## WHAT TO PRODUCE
Please give back each entry below unaltered, leaving the pictures out.

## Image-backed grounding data

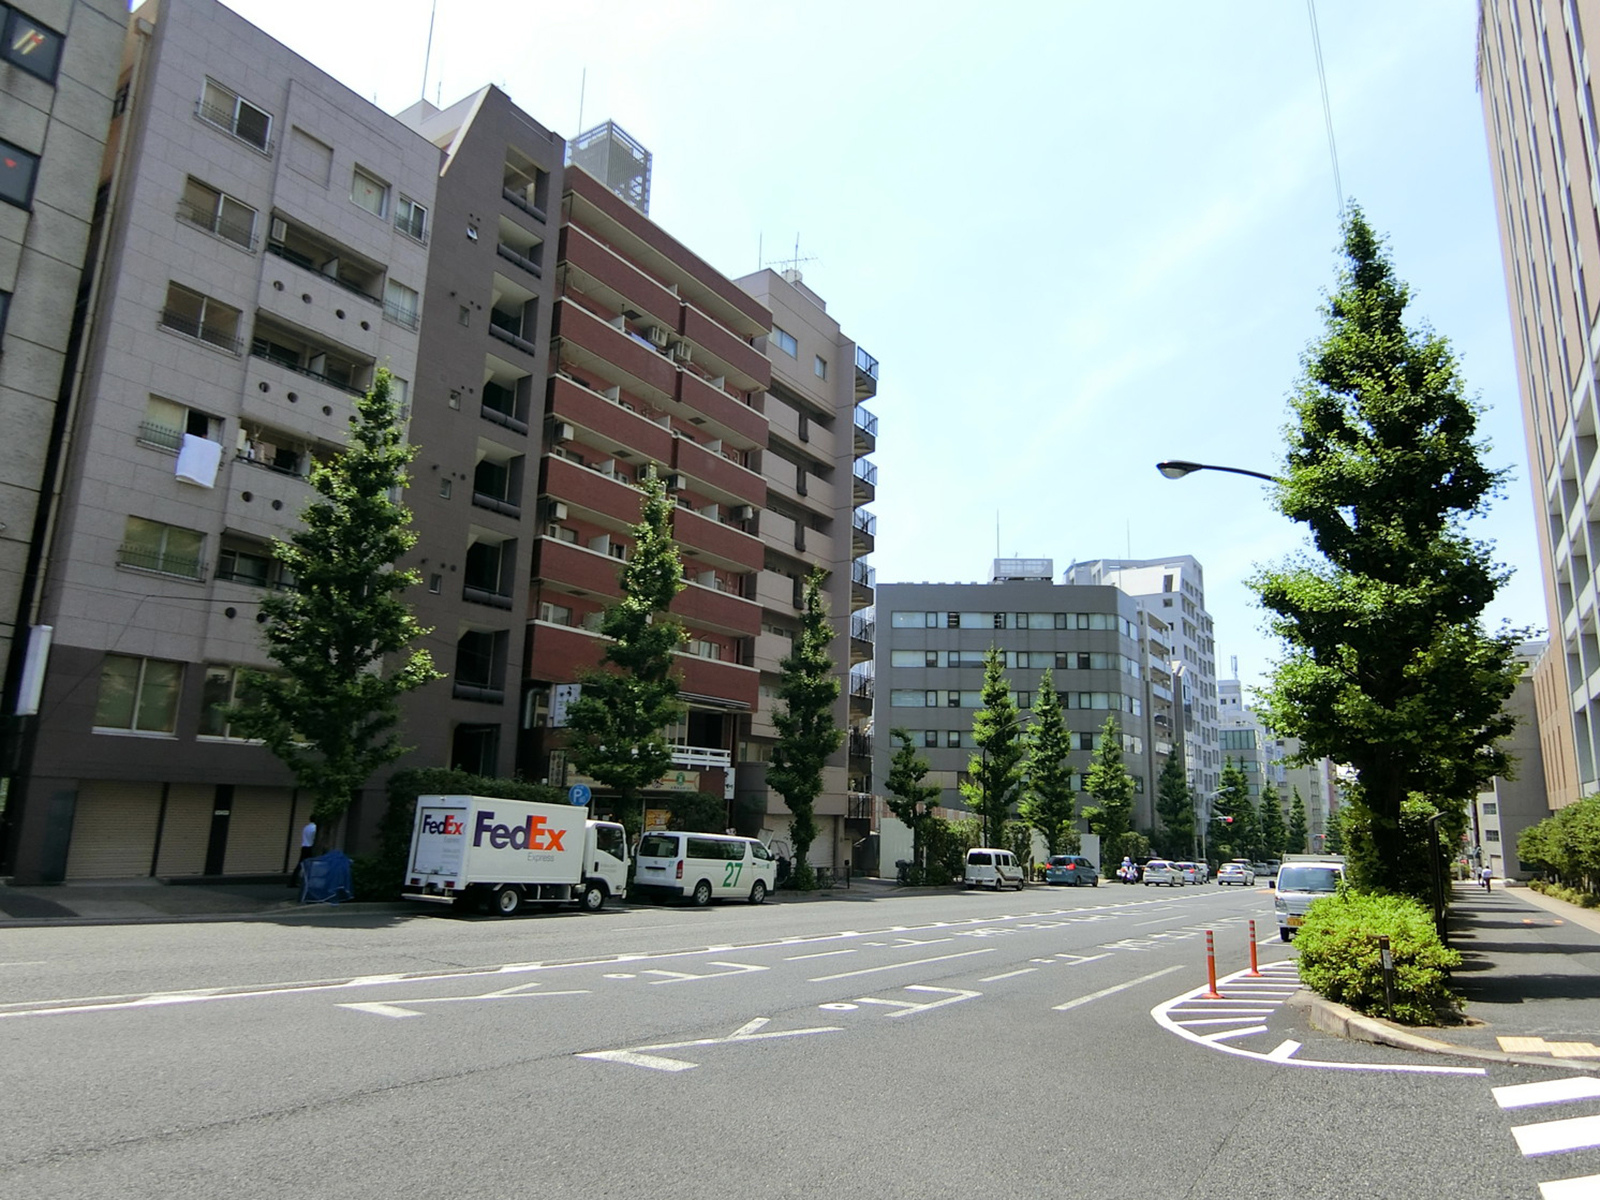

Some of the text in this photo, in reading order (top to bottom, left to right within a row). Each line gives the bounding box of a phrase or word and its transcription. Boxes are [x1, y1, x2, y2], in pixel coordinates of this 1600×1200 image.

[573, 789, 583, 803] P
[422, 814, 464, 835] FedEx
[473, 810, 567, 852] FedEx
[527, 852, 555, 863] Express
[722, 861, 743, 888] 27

## SOLUTION
Some of the text in this photo, in reading order (top to bottom, left to right within a row). Each line gives the bounding box of a phrase or word and its transcription. Boxes are [x1, y1, x2, y2], in pixel coordinates of this 1600×1200 image.

[573, 789, 583, 803] P
[422, 814, 464, 835] FedEx
[473, 810, 567, 852] FedEx
[527, 852, 555, 863] Express
[722, 861, 743, 888] 27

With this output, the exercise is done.